An important principle in communication is that you communicate directly, regardless of the hierarchy.
Communication should go through the shortest route necessary to get the job done, not through the ‘command structure’.
Any manager who tries to enforce communication in the chain of command limits involvement, ownership and creativity.
Communication between departments
A major source of problems is poor communication between departments.
The way to solve this is to allow free flow of information between all levels.
If, in order to get something done between departments, an individual employee has to talk to his manager, who talks to a director, who talks to a vice president, who talks to another vice president, who talks to a director, who talks to a manager, who talks to someone who does the actual work, then super stupid things happen. It should be okay for people to talk directly and just let the right thing happen.
Follow logic, not rules
In general, always choose common sense as your guide.
If following a “business rule” in a given situation is obviously ridiculous so that it would make for a great Dilbert cartoon, then the rule should change.
Leave a meeting if you don’t contribute
Leave a meeting as soon as it’s clear that you’re not adding value.

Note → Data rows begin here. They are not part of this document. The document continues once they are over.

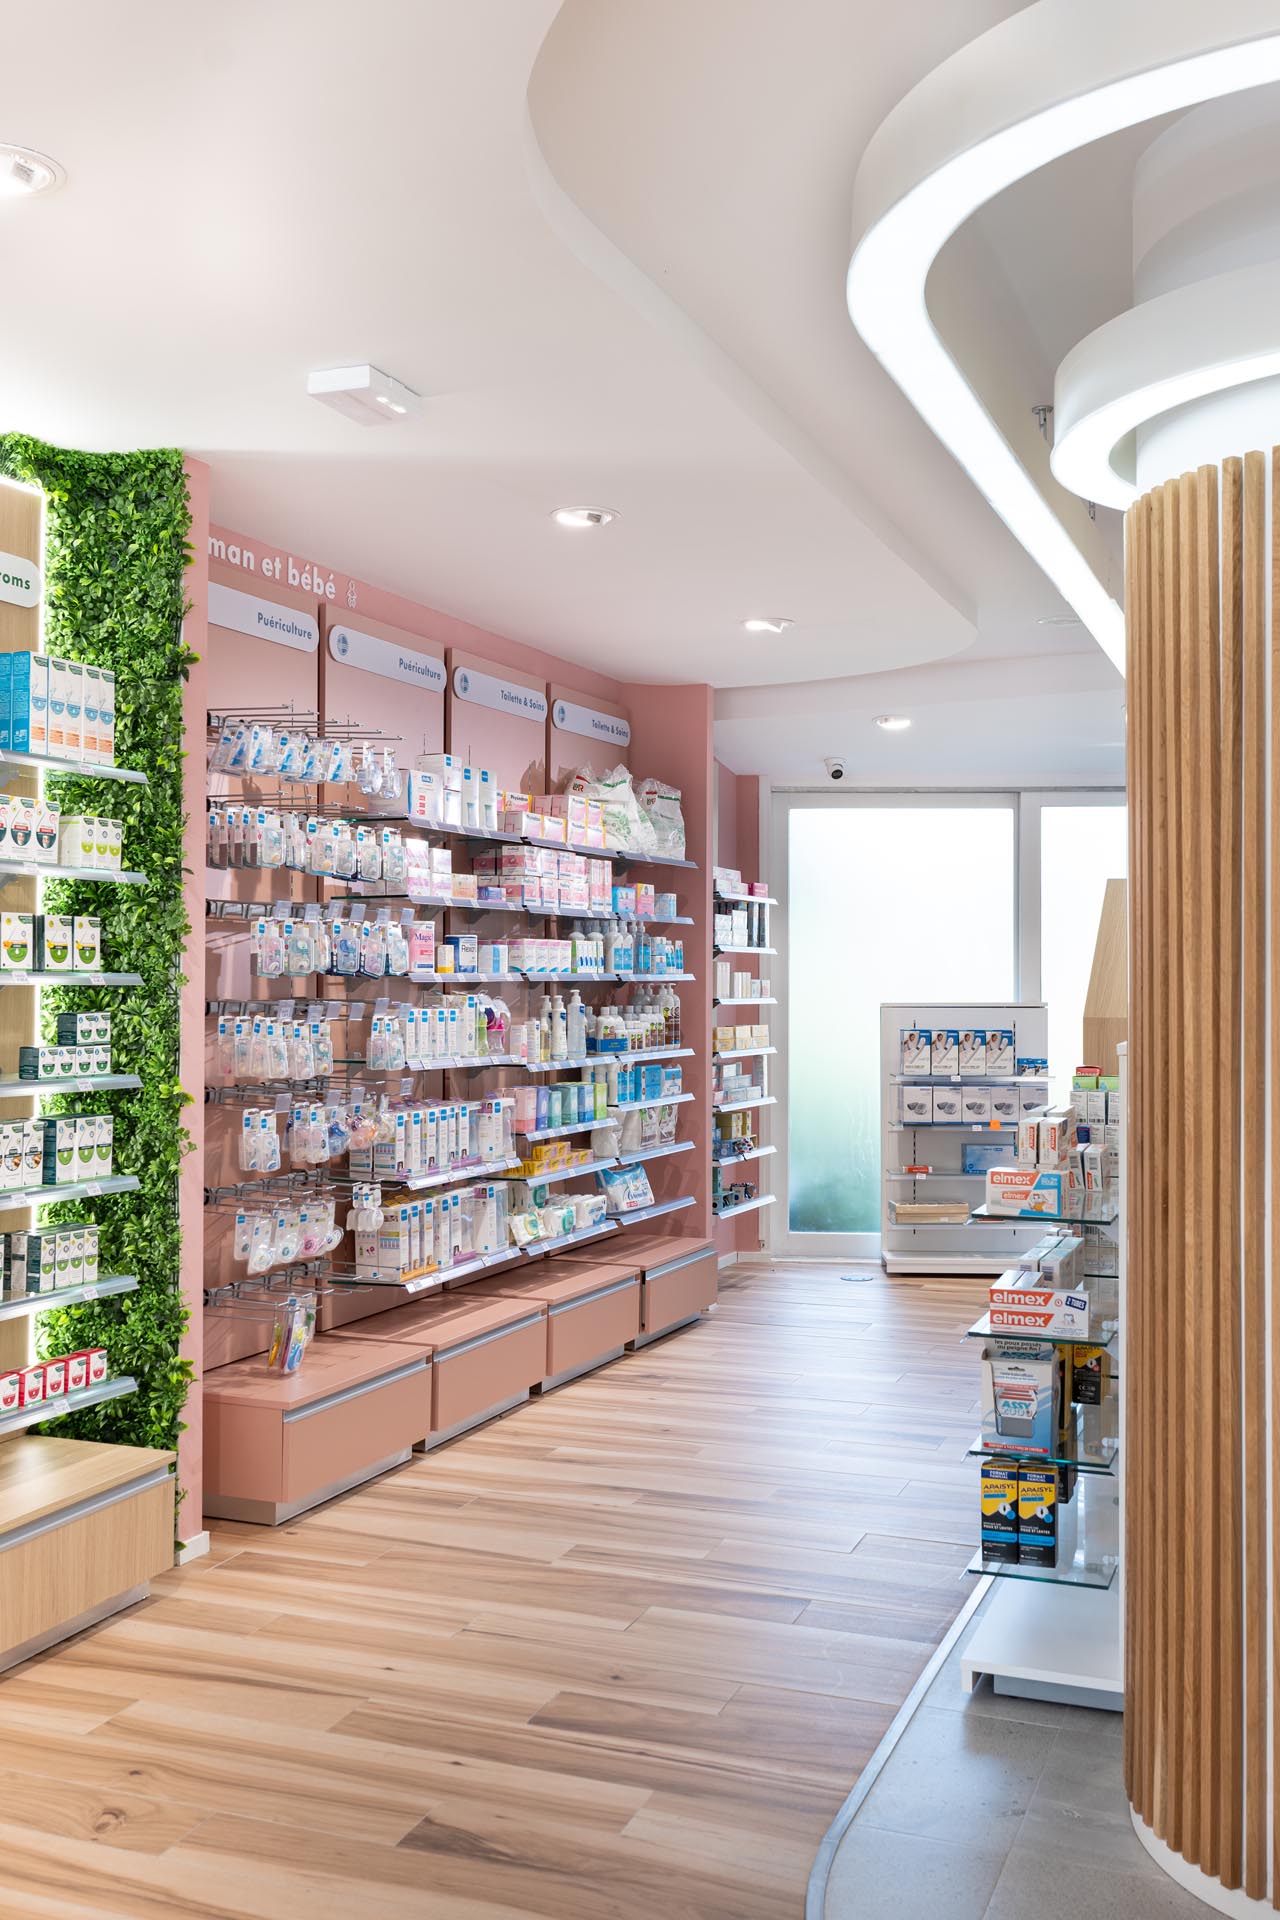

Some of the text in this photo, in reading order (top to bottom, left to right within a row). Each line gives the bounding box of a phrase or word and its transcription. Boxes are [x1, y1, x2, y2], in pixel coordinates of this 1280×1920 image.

[208, 536, 336, 600] man et bébé
[0, 571, 31, 590] oms
[257, 611, 313, 640] Puériculture
[399, 657, 441, 680] Puériculture
[501, 690, 522, 705] Toilette
[529, 698, 545, 711] Soins
[592, 719, 610, 733] Toilette
[993, 1173, 1030, 1184] elmex
[1003, 1192, 1025, 1200] elmex
[992, 1291, 1045, 1306] elmex
[992, 1311, 1045, 1327] elmex

It’s not rude to leave, it’s rude to let someone stay and waste their time.
In Scrum, this has been a good habit for some time, standing meetings.

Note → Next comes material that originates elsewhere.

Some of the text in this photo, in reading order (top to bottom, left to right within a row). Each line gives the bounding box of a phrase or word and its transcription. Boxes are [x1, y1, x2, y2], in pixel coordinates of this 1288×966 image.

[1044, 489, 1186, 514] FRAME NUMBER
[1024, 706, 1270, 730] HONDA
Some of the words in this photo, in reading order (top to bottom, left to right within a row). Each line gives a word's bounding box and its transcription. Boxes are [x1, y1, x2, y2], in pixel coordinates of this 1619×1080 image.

Good for body and mind and the discomfort of standing for a long time is meant to keep the meetings short.
When you start from the following 3 questions you have a good focus and the chairman ensures that everyone speaks.
– What did I do yesterday?
– What am I going to do today?
– What bumps do I encounter?
Rules for standing meetings
15 minutes is really 15 minutes
The leader of the meeting really has to make sure that everyone only gets limited speaking time.
Stick to signaling, instead of discussing
The purpose of the stand up meeting is to inform your team of the state of affairs (answering questions and 1 and 2) – and to plan to solve possible bumps (question 3).
Stand up meeting is not micromanagement
The stand up meeting really stands for teamwork.
That is, sharing your work with your team.
Do not interfere or micromanage the work of your team members.